(Dataset extract)

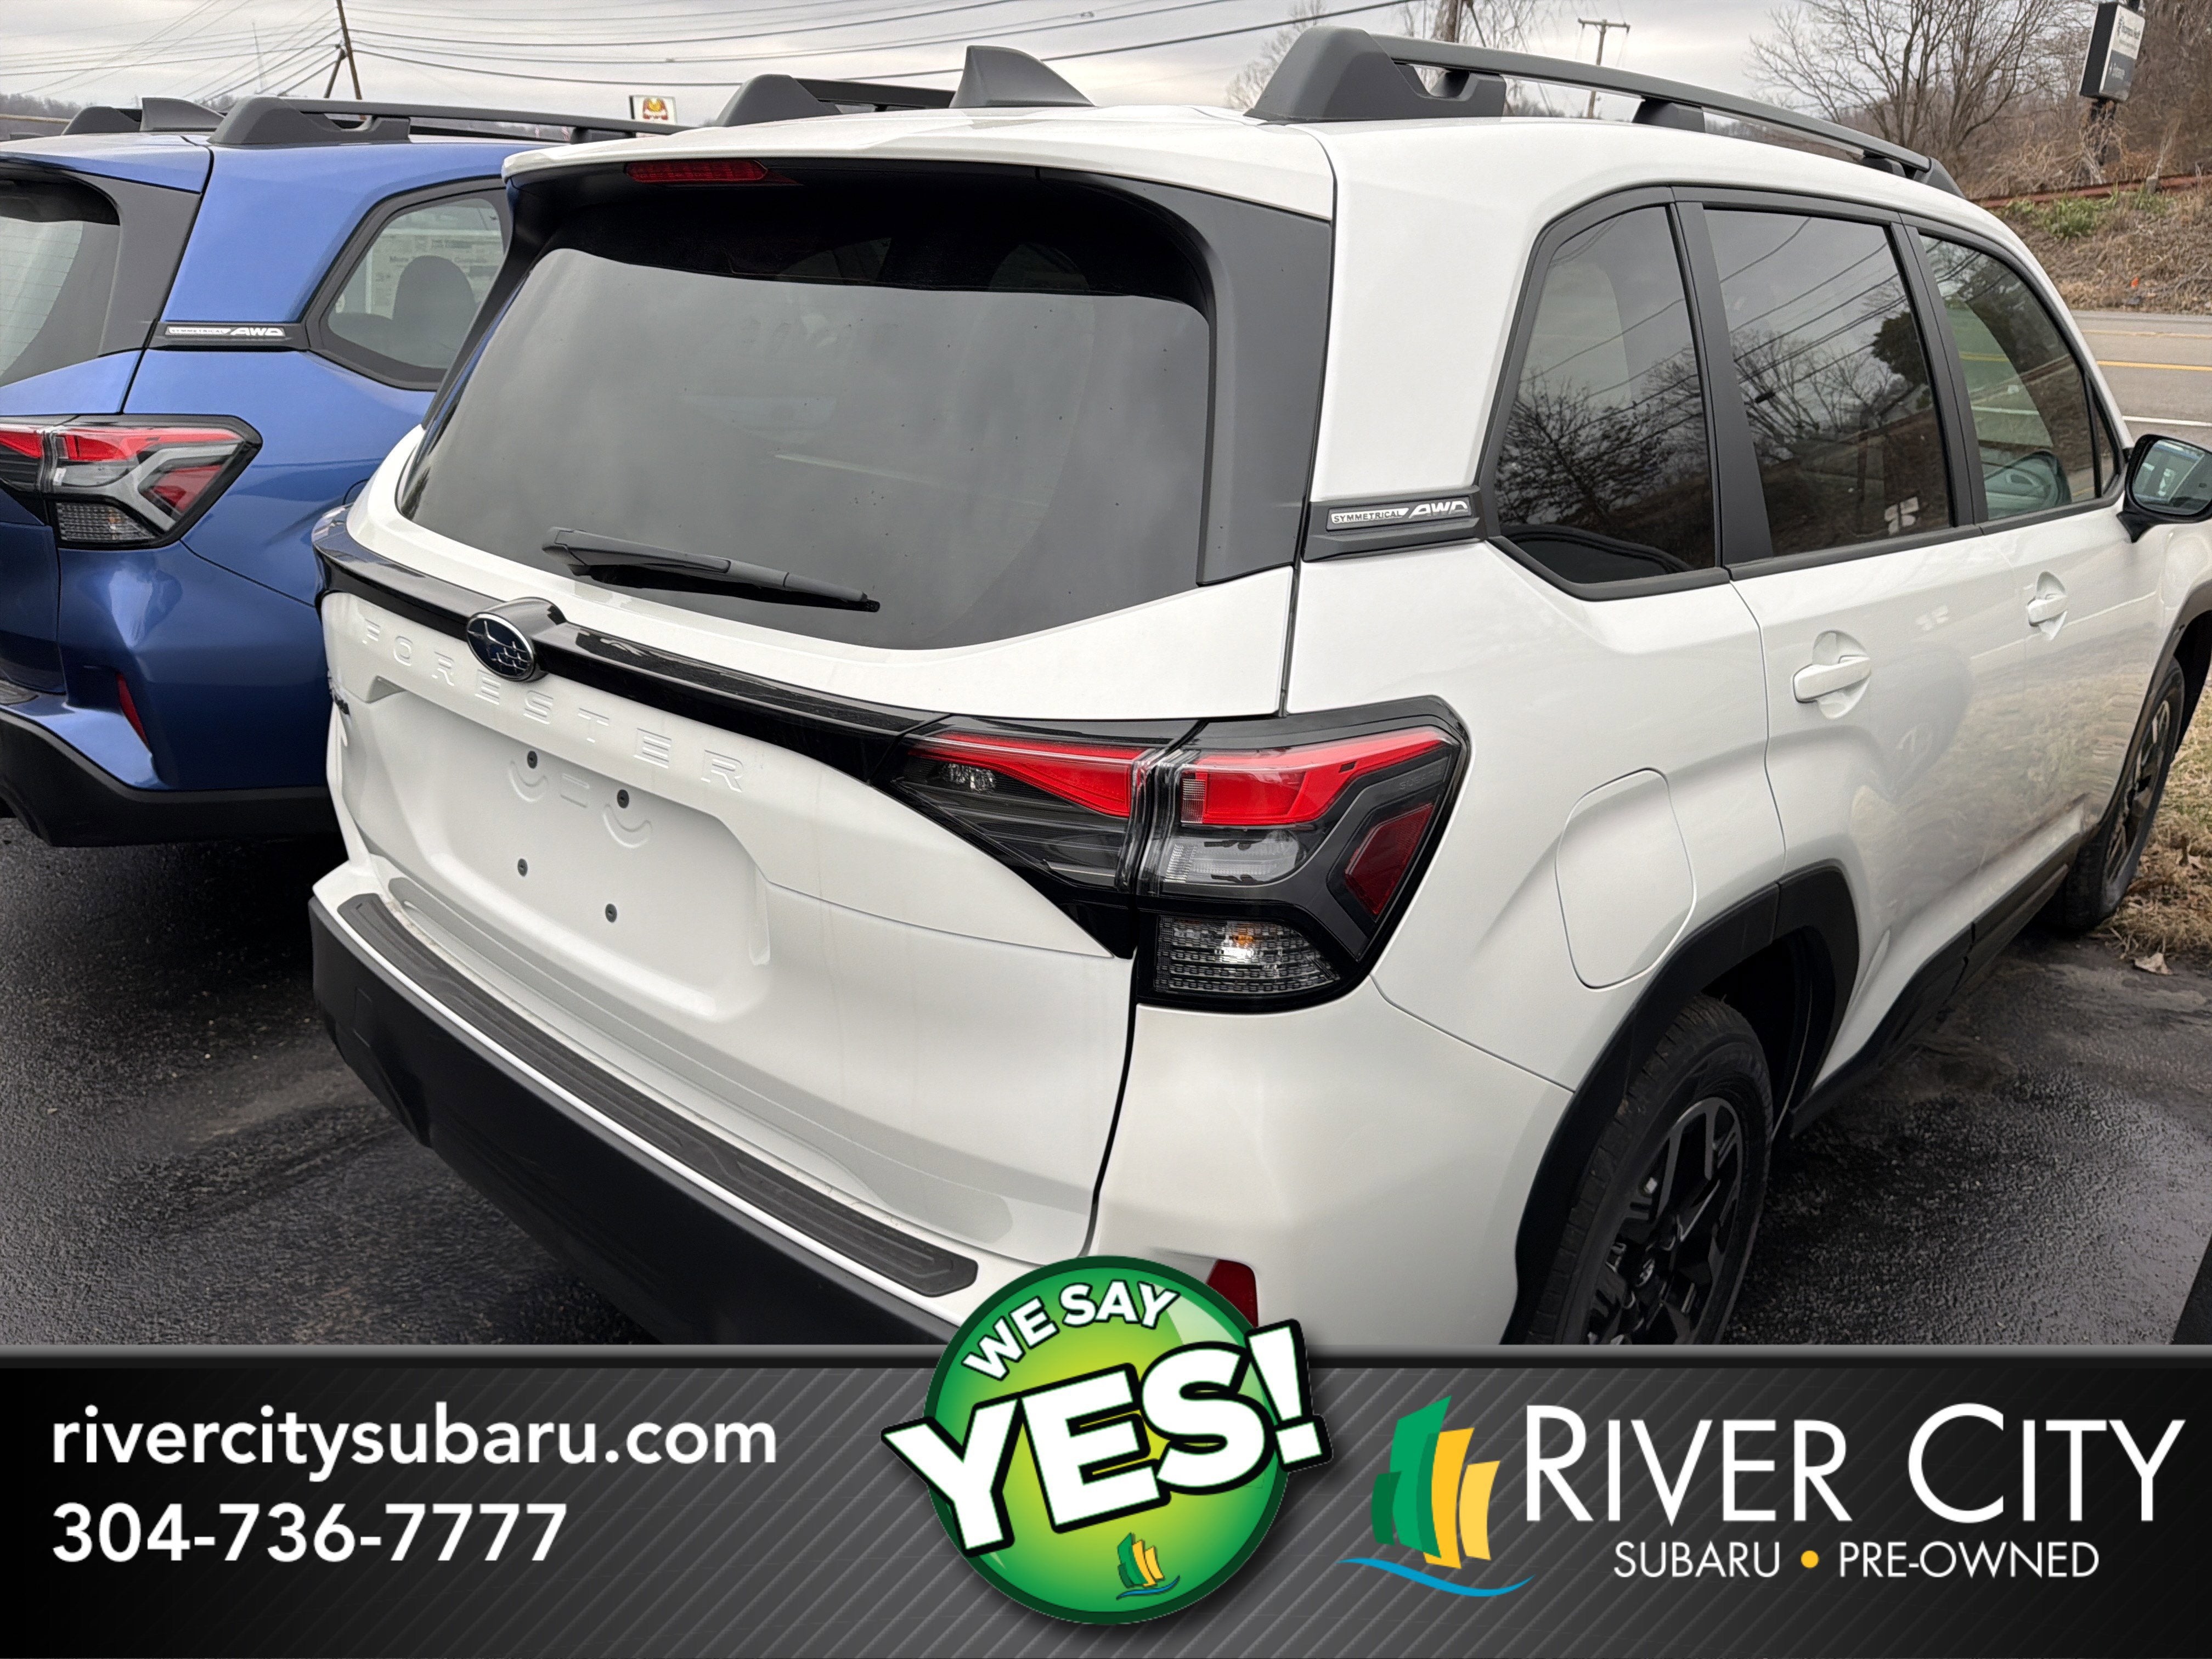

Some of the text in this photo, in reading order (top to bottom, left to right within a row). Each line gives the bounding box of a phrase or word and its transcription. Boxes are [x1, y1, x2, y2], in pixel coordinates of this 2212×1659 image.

[230, 328, 284, 336] AWD
[1333, 500, 1469, 523] SYMMETRICAL AWD
[360, 616, 744, 793] FORESTER
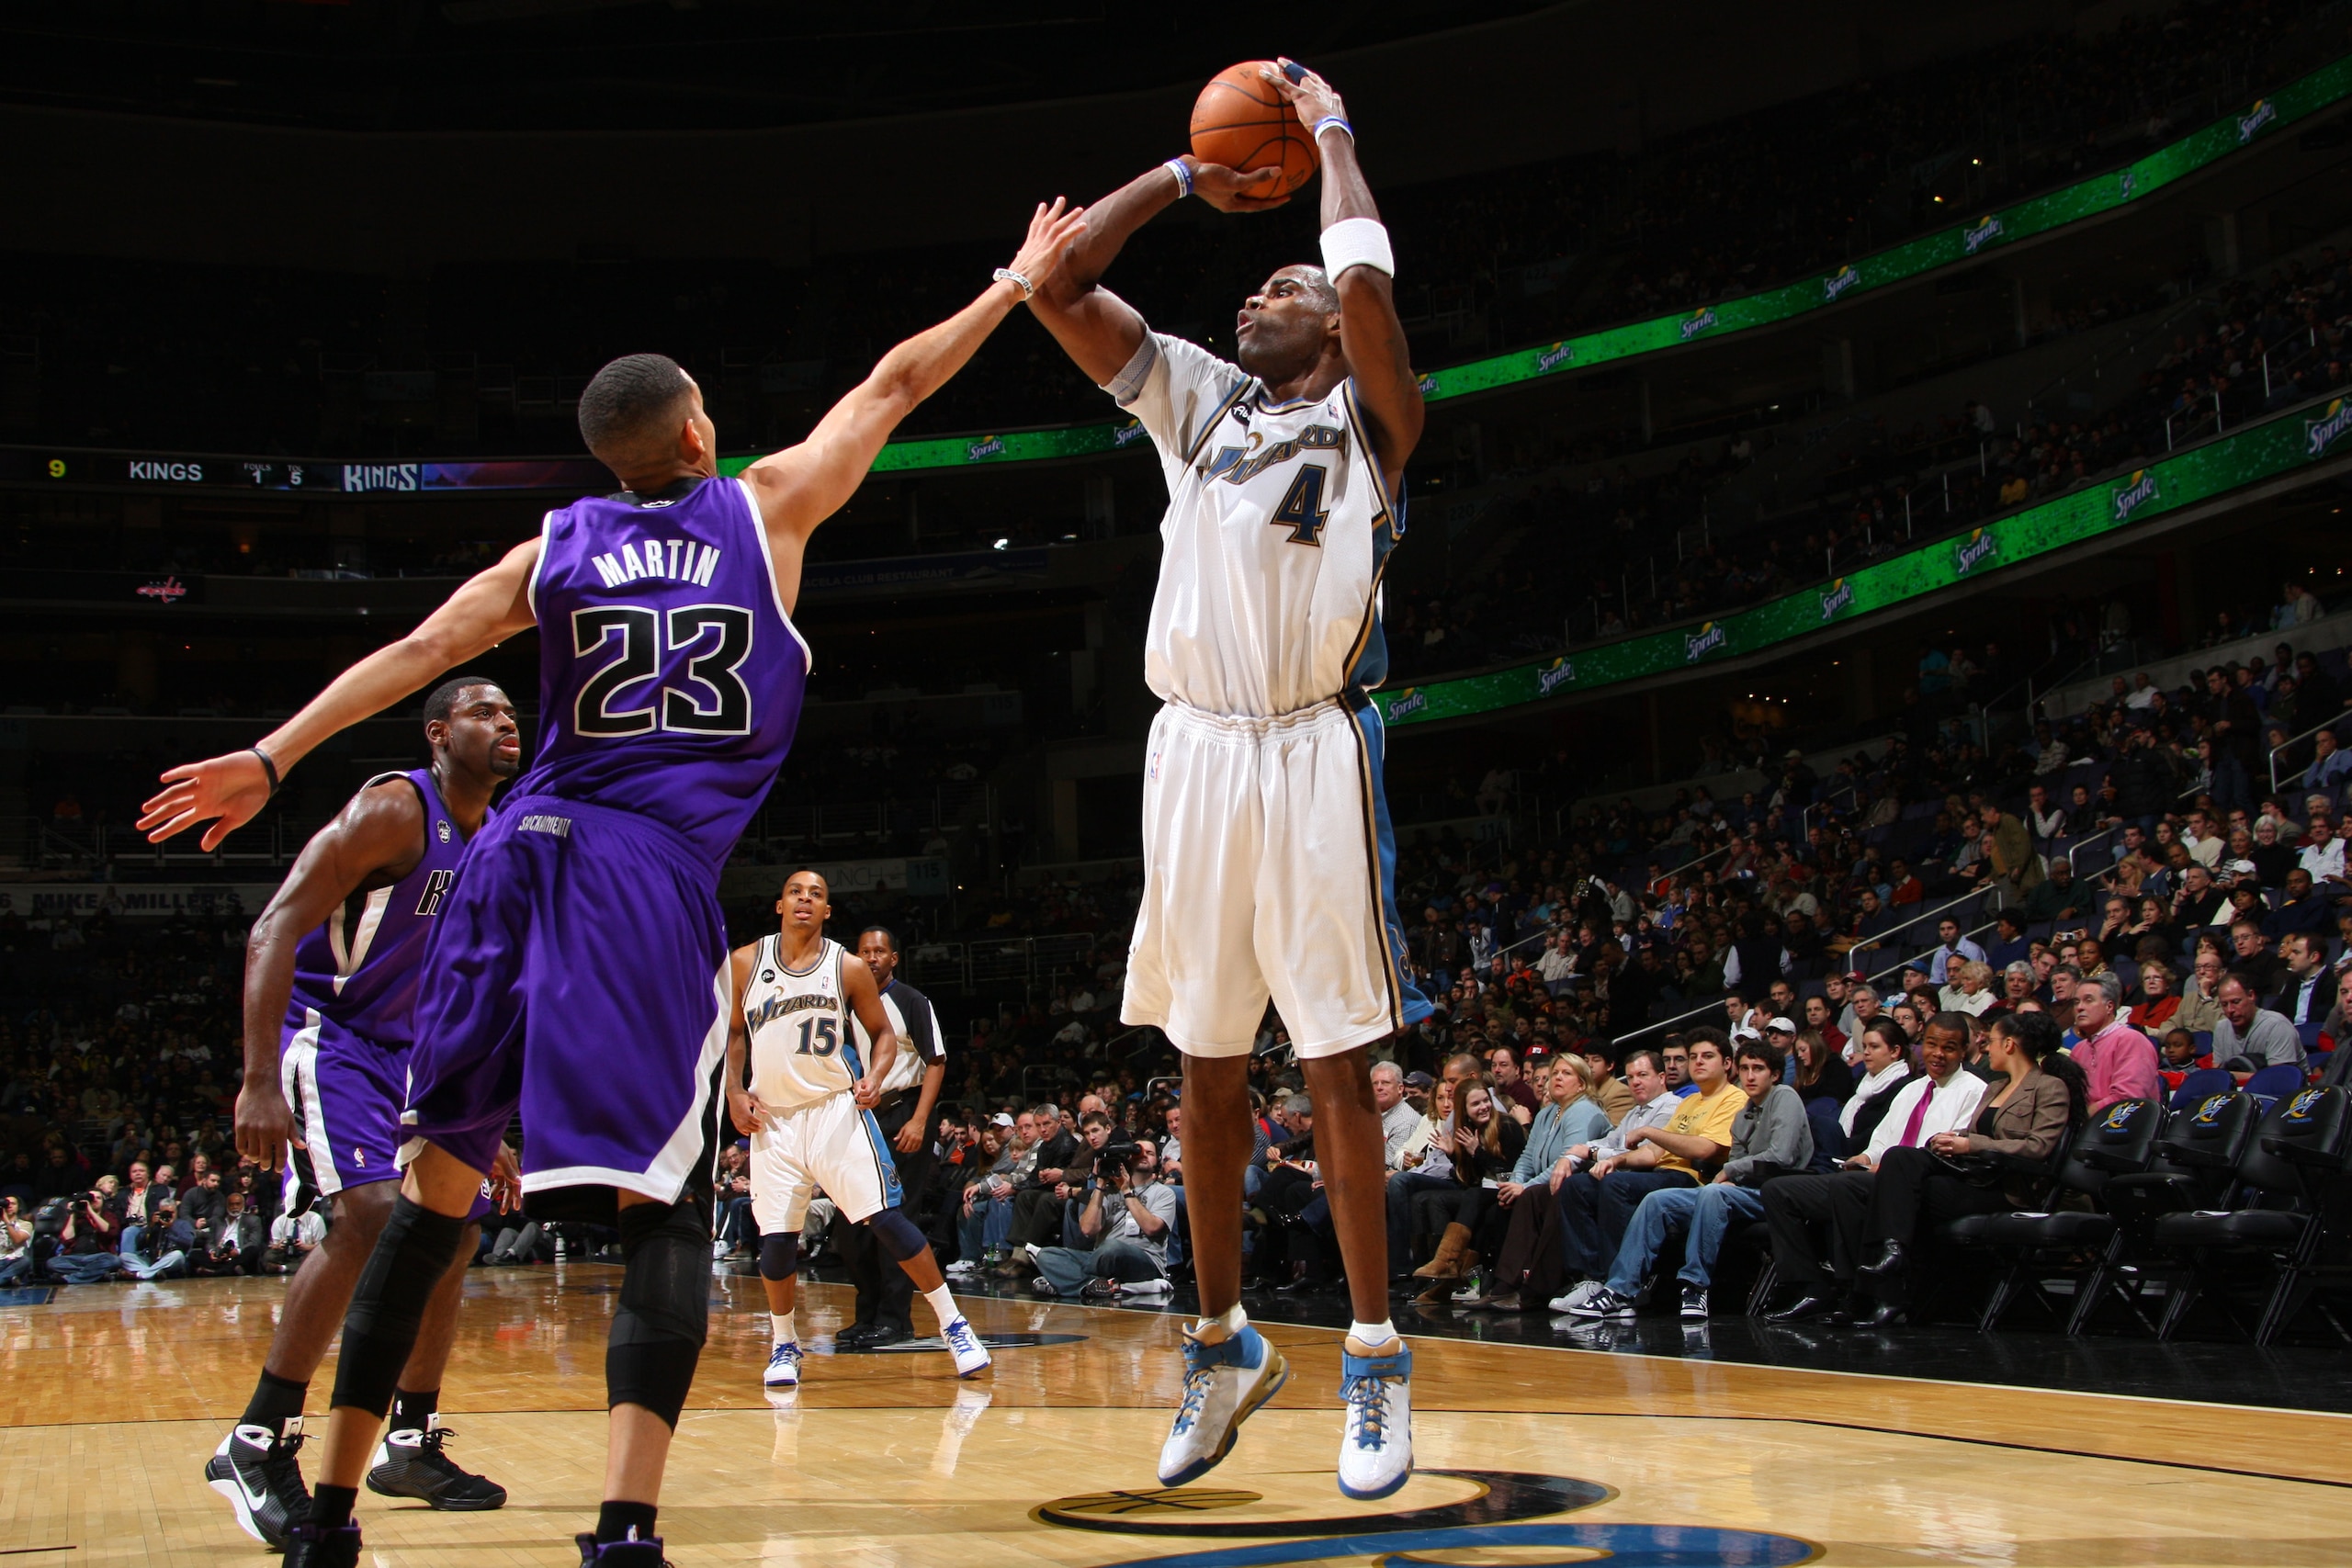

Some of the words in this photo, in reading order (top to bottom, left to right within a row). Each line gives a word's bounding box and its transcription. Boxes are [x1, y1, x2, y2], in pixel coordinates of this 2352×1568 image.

[1965, 218, 1999, 251] Sprite
[1826, 267, 1857, 299] Sprite
[1680, 310, 1714, 339] Sprite
[1539, 344, 1571, 371] Sprite
[968, 439, 1003, 459] Sprite
[48, 459, 67, 479] 9
[130, 460, 203, 482] KINGS
[243, 462, 272, 472] FOULS
[252, 470, 262, 484] 1
[287, 464, 304, 473] TOL
[290, 471, 302, 485] 5
[343, 463, 418, 492] KINGS
[1270, 463, 1330, 547] 4
[2115, 476, 2154, 520] Sprite
[591, 539, 721, 589] MARTIN
[1958, 534, 1992, 574] Sprite
[879, 568, 955, 583] RESTAURANT
[1822, 584, 1850, 619] Sprite
[1687, 627, 1723, 661] Sprite
[571, 604, 754, 738] 23
[1538, 662, 1572, 694] Sprite
[1387, 694, 1424, 721] Sprite
[914, 862, 940, 879] 115
[33, 893, 98, 909] MIKE
[125, 893, 242, 910] MILLER'S
[746, 993, 839, 1038] WIZARDS
[795, 1016, 837, 1057] 15

(What the exercise asks)
Your task is to set down each line above verbatim while excluding the pictures.

(Result below)
Some of the text in this photo, in reading order (top to bottom, left to right within a row). Each line gives the bounding box of a phrase or word and its transcription. Boxes are [x1, y1, x2, y2], in pixel coordinates of this 2212×1659 image.

[230, 328, 284, 336] AWD
[1333, 500, 1469, 523] SYMMETRICAL AWD
[360, 616, 744, 793] FORESTER

Some of the words in this photo, in reading order (top to bottom, left to right within a row). Each line gives a word's bounding box and its transcription. Boxes are [x1, y1, x2, y2], in pixel coordinates of this 2352×1568 image.

[1965, 218, 1999, 251] Sprite
[1826, 267, 1857, 299] Sprite
[1680, 310, 1714, 339] Sprite
[1539, 344, 1571, 371] Sprite
[968, 439, 1003, 459] Sprite
[48, 459, 67, 479] 9
[130, 460, 203, 482] KINGS
[243, 462, 272, 472] FOULS
[252, 470, 262, 484] 1
[287, 464, 304, 473] TOL
[290, 471, 302, 485] 5
[343, 463, 418, 492] KINGS
[1270, 463, 1330, 547] 4
[2115, 476, 2154, 520] Sprite
[591, 539, 721, 589] MARTIN
[1958, 534, 1992, 574] Sprite
[879, 568, 955, 583] RESTAURANT
[1822, 584, 1850, 619] Sprite
[1687, 627, 1723, 661] Sprite
[571, 604, 754, 738] 23
[1538, 662, 1572, 694] Sprite
[1387, 694, 1424, 721] Sprite
[914, 862, 940, 879] 115
[33, 893, 98, 909] MIKE
[125, 893, 242, 910] MILLER'S
[746, 993, 839, 1038] WIZARDS
[795, 1016, 837, 1057] 15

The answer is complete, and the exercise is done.